EXERCISE DATA:
########################################

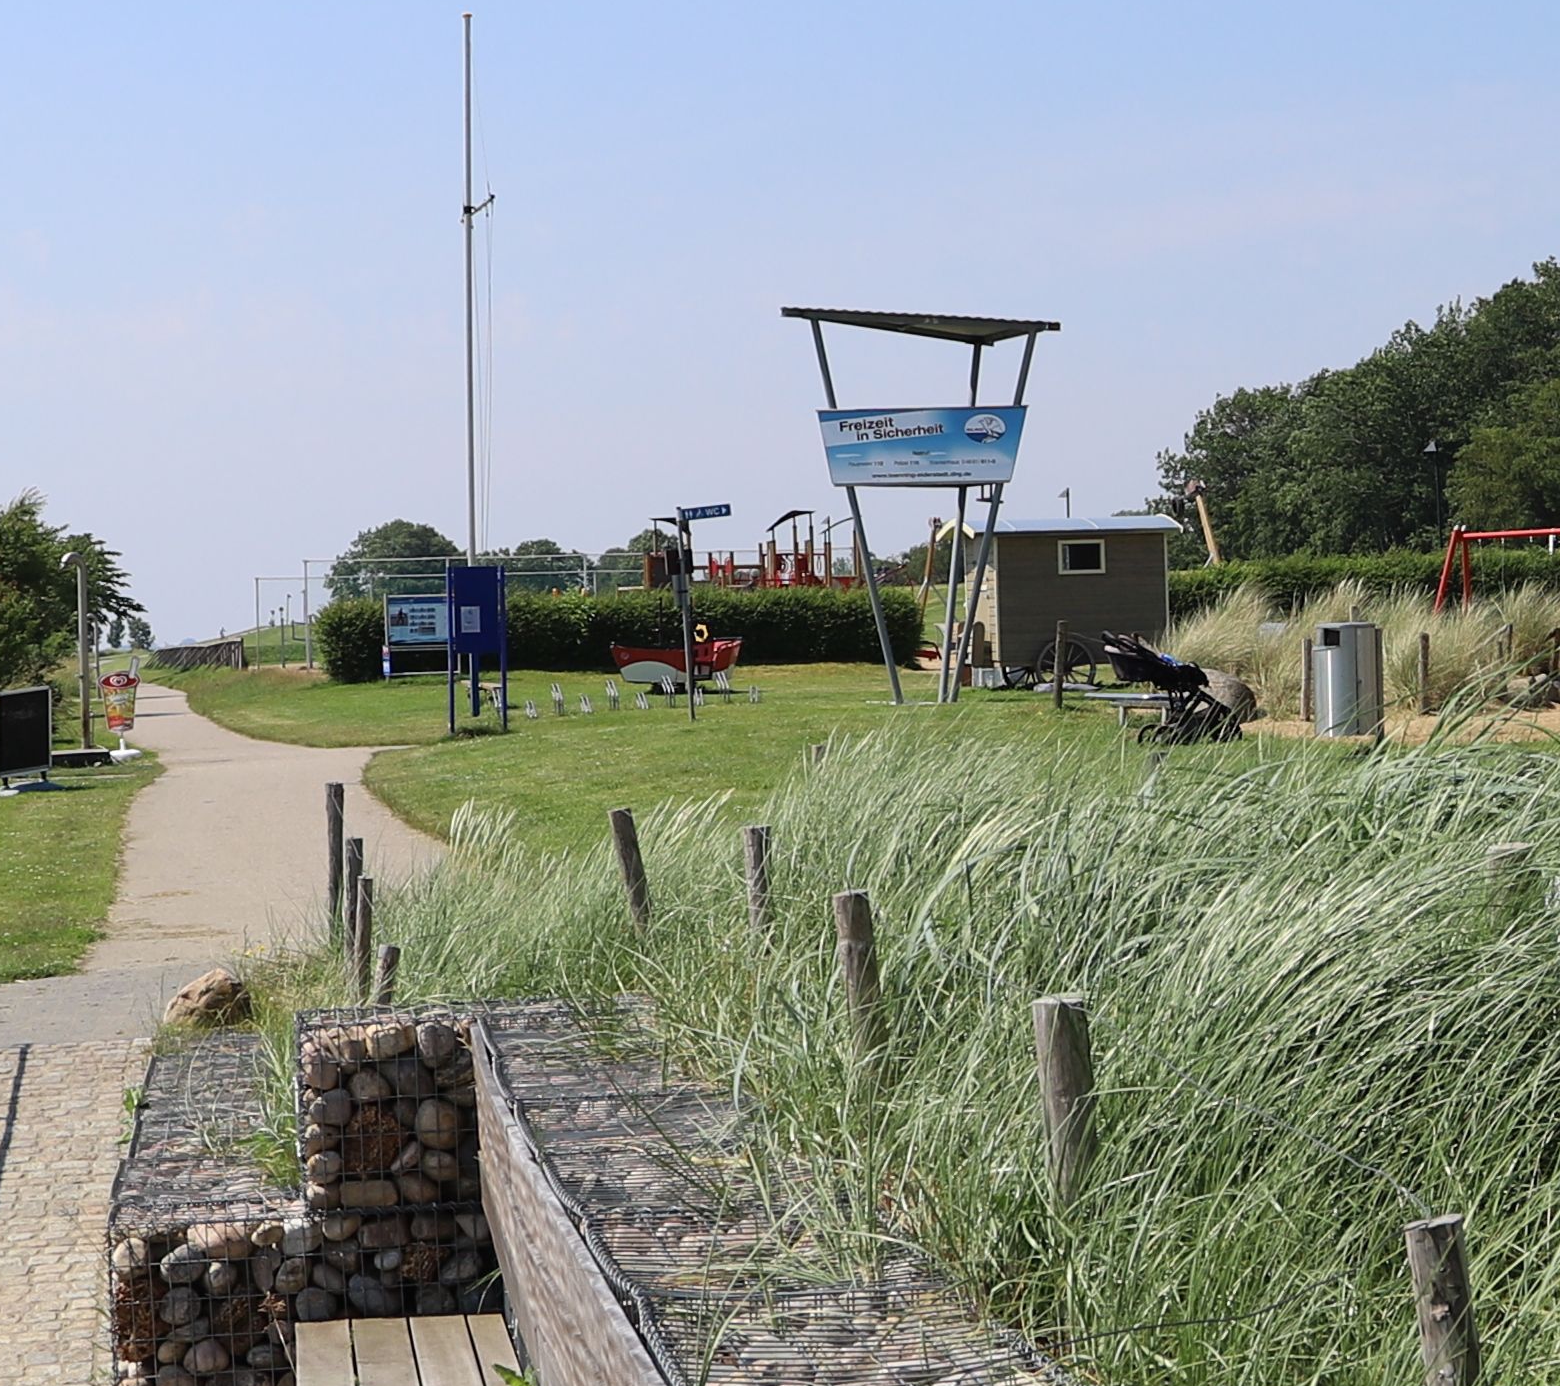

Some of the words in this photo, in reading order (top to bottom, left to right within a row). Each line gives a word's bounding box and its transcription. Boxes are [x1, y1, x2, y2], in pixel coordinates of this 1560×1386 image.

[839, 417, 894, 432] Freizeit
[856, 430, 870, 441] in
[873, 424, 944, 440] Sicherheit
[705, 507, 720, 516] WC

########################################

AIM OF THE TASK: All of the data above should be printed again exactly, though none of the pictures belong in the copy.

EXERCISE SOLUTION:
Some of the words in this photo, in reading order (top to bottom, left to right within a row). Each line gives a word's bounding box and its transcription. Boxes are [x1, y1, x2, y2], in pixel coordinates of this 1560×1386 image.

[839, 417, 894, 432] Freizeit
[856, 430, 870, 441] in
[873, 424, 944, 440] Sicherheit
[705, 507, 720, 516] WC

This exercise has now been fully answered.